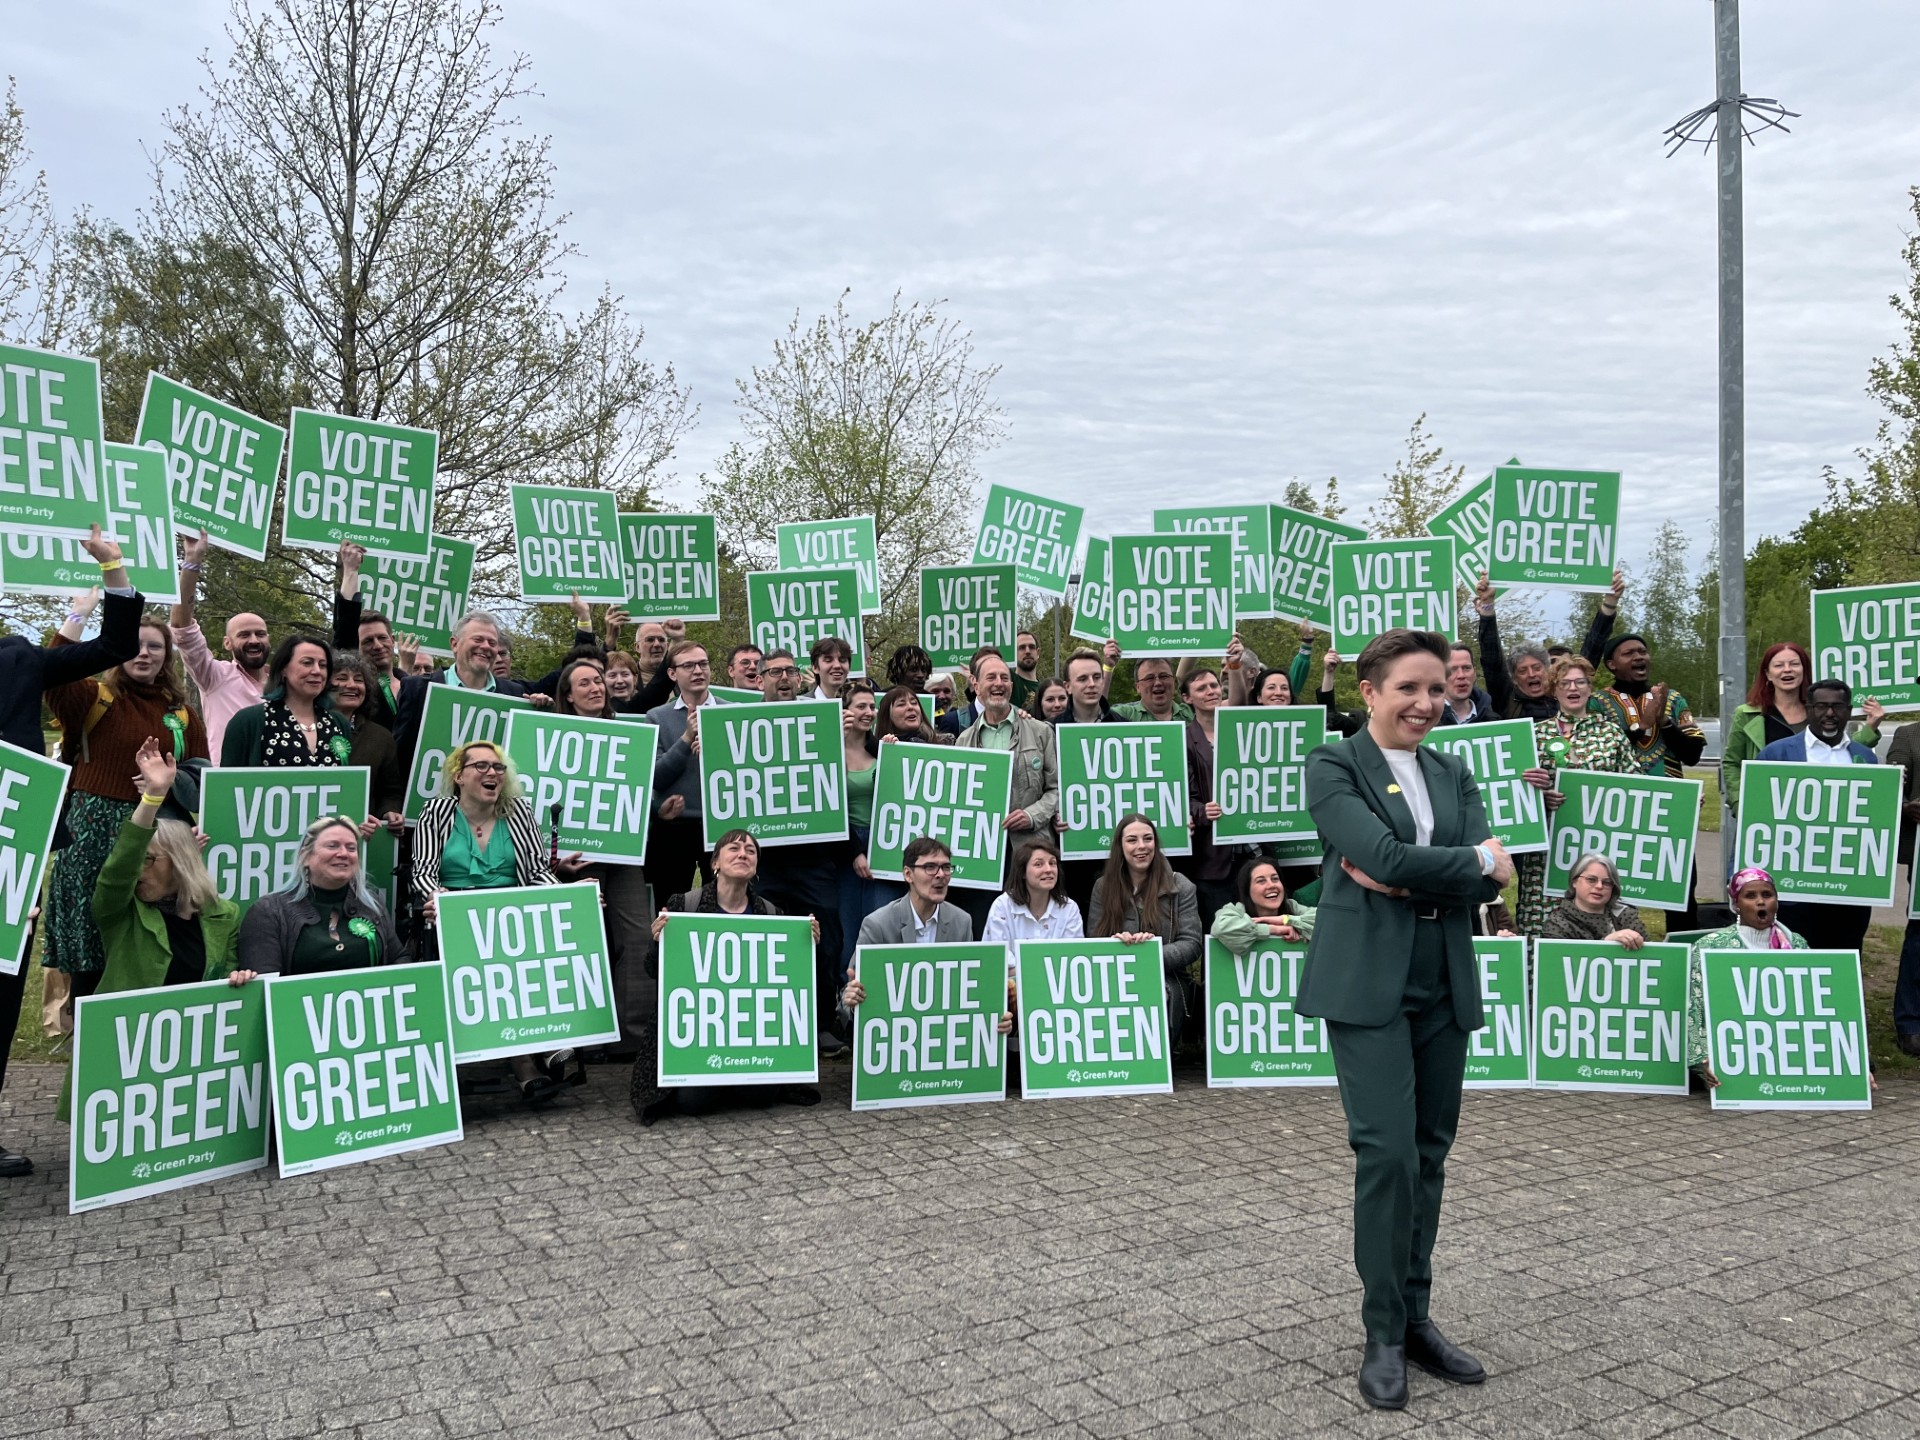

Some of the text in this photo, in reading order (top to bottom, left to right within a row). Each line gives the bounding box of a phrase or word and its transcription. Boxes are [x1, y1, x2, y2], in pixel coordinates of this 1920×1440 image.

[0, 363, 68, 430] TE
[172, 398, 260, 473] VOTE
[320, 427, 412, 482] VOTE
[0, 427, 98, 502] EEN
[0, 505, 54, 519] reen Party
[293, 470, 427, 535] GREEN
[531, 498, 601, 536] VOTE
[1004, 496, 1066, 539] VOTE
[1516, 480, 1597, 520] VOTE
[183, 512, 228, 534] Green Party
[344, 531, 390, 546] Green Party
[629, 525, 697, 559] VOTE
[794, 528, 858, 563] VOTE
[1495, 520, 1611, 566] GREEN
[523, 536, 619, 579] GREEN
[980, 524, 1070, 578] GREEN
[1133, 546, 1211, 585] VOTE
[1353, 551, 1432, 590] VOTE
[564, 583, 598, 593] Green Party
[623, 561, 711, 600] GREEN
[938, 575, 999, 611] VOTE
[1026, 574, 1040, 583] Party
[1272, 554, 1330, 607] REE
[1538, 570, 1578, 580] Green Party
[672, 604, 688, 613] Party
[768, 581, 840, 617] VOTE
[1118, 588, 1227, 631] GREEN
[1281, 602, 1314, 616] Green Party
[1338, 591, 1450, 636] GREEN
[1836, 596, 1920, 642] VOTE
[924, 610, 1012, 652] GREEN
[1182, 638, 1200, 646] Party
[1820, 640, 1920, 688] GREE
[1891, 692, 1910, 700] Party
[537, 728, 629, 779] VOTE
[725, 716, 818, 764] VOTE
[1081, 737, 1163, 779] VOTE
[1236, 720, 1306, 764] VOTE
[710, 763, 839, 819] GREEN
[903, 758, 986, 806] VOTE
[1220, 766, 1306, 816] GREE
[1770, 777, 1872, 823] VOTE
[234, 784, 341, 838] VOTE
[762, 822, 808, 832] Green Party
[1065, 782, 1182, 831] GREEN
[1258, 820, 1294, 828] Green Party
[1582, 785, 1672, 832] VOTE
[582, 837, 603, 848] Party
[876, 802, 1000, 860] GREEN
[1745, 822, 1890, 876] GREEN
[208, 841, 300, 900] GRE
[1554, 826, 1687, 883] GREEN
[1626, 884, 1646, 894] Party
[1797, 880, 1848, 892] Green Party
[468, 902, 577, 959] VOTE
[690, 932, 787, 983] VOTE
[1044, 955, 1138, 1004] VOTE
[1233, 951, 1308, 998] VOT
[453, 953, 605, 1025] GREEN
[885, 960, 980, 1011] VOTE
[1563, 957, 1661, 1005] VOTE
[1732, 967, 1835, 1015] VOTE
[116, 1000, 242, 1079] VOTE
[303, 984, 420, 1053] VOTE
[518, 1022, 571, 1038] Green Party
[669, 988, 808, 1048] GREEN
[1029, 1006, 1161, 1064] GREEN
[1214, 1001, 1326, 1056] GREE
[1542, 1006, 1680, 1062] GREEN
[724, 1056, 774, 1067] Green Party
[862, 1012, 998, 1075] GREEN
[1717, 1020, 1860, 1075] GREEN
[283, 1042, 449, 1131] GREEN
[915, 1078, 963, 1090] Green Party
[1082, 1069, 1130, 1080] Green Party
[1266, 1061, 1312, 1072] Green Party
[1469, 1065, 1490, 1074] Party
[1594, 1068, 1644, 1079] Green Party
[1776, 1084, 1826, 1096] Green Party
[83, 1062, 262, 1164] GREEN
[354, 1122, 412, 1142] Green Party
[153, 1150, 216, 1172] Green Party

__TO DO__: Every line of the material must be repeated exactly; pictures stay out.

__ANSWER TO THE PROBLEM__:
Some of the text in this photo, in reading order (top to bottom, left to right within a row). Each line gives the bounding box of a phrase or word and its transcription. Boxes are [x1, y1, x2, y2], in pixel coordinates of this 1920×1440 image.

[0, 363, 68, 430] TE
[172, 398, 260, 473] VOTE
[320, 427, 412, 482] VOTE
[0, 427, 98, 502] EEN
[0, 505, 54, 519] reen Party
[293, 470, 427, 535] GREEN
[531, 498, 601, 536] VOTE
[1004, 496, 1066, 539] VOTE
[1516, 480, 1597, 520] VOTE
[183, 512, 228, 534] Green Party
[344, 531, 390, 546] Green Party
[629, 525, 697, 559] VOTE
[794, 528, 858, 563] VOTE
[1495, 520, 1611, 566] GREEN
[523, 536, 619, 579] GREEN
[980, 524, 1070, 578] GREEN
[1133, 546, 1211, 585] VOTE
[1353, 551, 1432, 590] VOTE
[564, 583, 598, 593] Green Party
[623, 561, 711, 600] GREEN
[938, 575, 999, 611] VOTE
[1026, 574, 1040, 583] Party
[1272, 554, 1330, 607] REE
[1538, 570, 1578, 580] Green Party
[672, 604, 688, 613] Party
[768, 581, 840, 617] VOTE
[1118, 588, 1227, 631] GREEN
[1281, 602, 1314, 616] Green Party
[1338, 591, 1450, 636] GREEN
[1836, 596, 1920, 642] VOTE
[924, 610, 1012, 652] GREEN
[1182, 638, 1200, 646] Party
[1820, 640, 1920, 688] GREE
[1891, 692, 1910, 700] Party
[537, 728, 629, 779] VOTE
[725, 716, 818, 764] VOTE
[1081, 737, 1163, 779] VOTE
[1236, 720, 1306, 764] VOTE
[710, 763, 839, 819] GREEN
[903, 758, 986, 806] VOTE
[1220, 766, 1306, 816] GREE
[1770, 777, 1872, 823] VOTE
[234, 784, 341, 838] VOTE
[762, 822, 808, 832] Green Party
[1065, 782, 1182, 831] GREEN
[1258, 820, 1294, 828] Green Party
[1582, 785, 1672, 832] VOTE
[582, 837, 603, 848] Party
[876, 802, 1000, 860] GREEN
[1745, 822, 1890, 876] GREEN
[208, 841, 300, 900] GRE
[1554, 826, 1687, 883] GREEN
[1626, 884, 1646, 894] Party
[1797, 880, 1848, 892] Green Party
[468, 902, 577, 959] VOTE
[690, 932, 787, 983] VOTE
[1044, 955, 1138, 1004] VOTE
[1233, 951, 1308, 998] VOT
[453, 953, 605, 1025] GREEN
[885, 960, 980, 1011] VOTE
[1563, 957, 1661, 1005] VOTE
[1732, 967, 1835, 1015] VOTE
[116, 1000, 242, 1079] VOTE
[303, 984, 420, 1053] VOTE
[518, 1022, 571, 1038] Green Party
[669, 988, 808, 1048] GREEN
[1029, 1006, 1161, 1064] GREEN
[1214, 1001, 1326, 1056] GREE
[1542, 1006, 1680, 1062] GREEN
[724, 1056, 774, 1067] Green Party
[862, 1012, 998, 1075] GREEN
[1717, 1020, 1860, 1075] GREEN
[283, 1042, 449, 1131] GREEN
[915, 1078, 963, 1090] Green Party
[1082, 1069, 1130, 1080] Green Party
[1266, 1061, 1312, 1072] Green Party
[1469, 1065, 1490, 1074] Party
[1594, 1068, 1644, 1079] Green Party
[1776, 1084, 1826, 1096] Green Party
[83, 1062, 262, 1164] GREEN
[354, 1122, 412, 1142] Green Party
[153, 1150, 216, 1172] Green Party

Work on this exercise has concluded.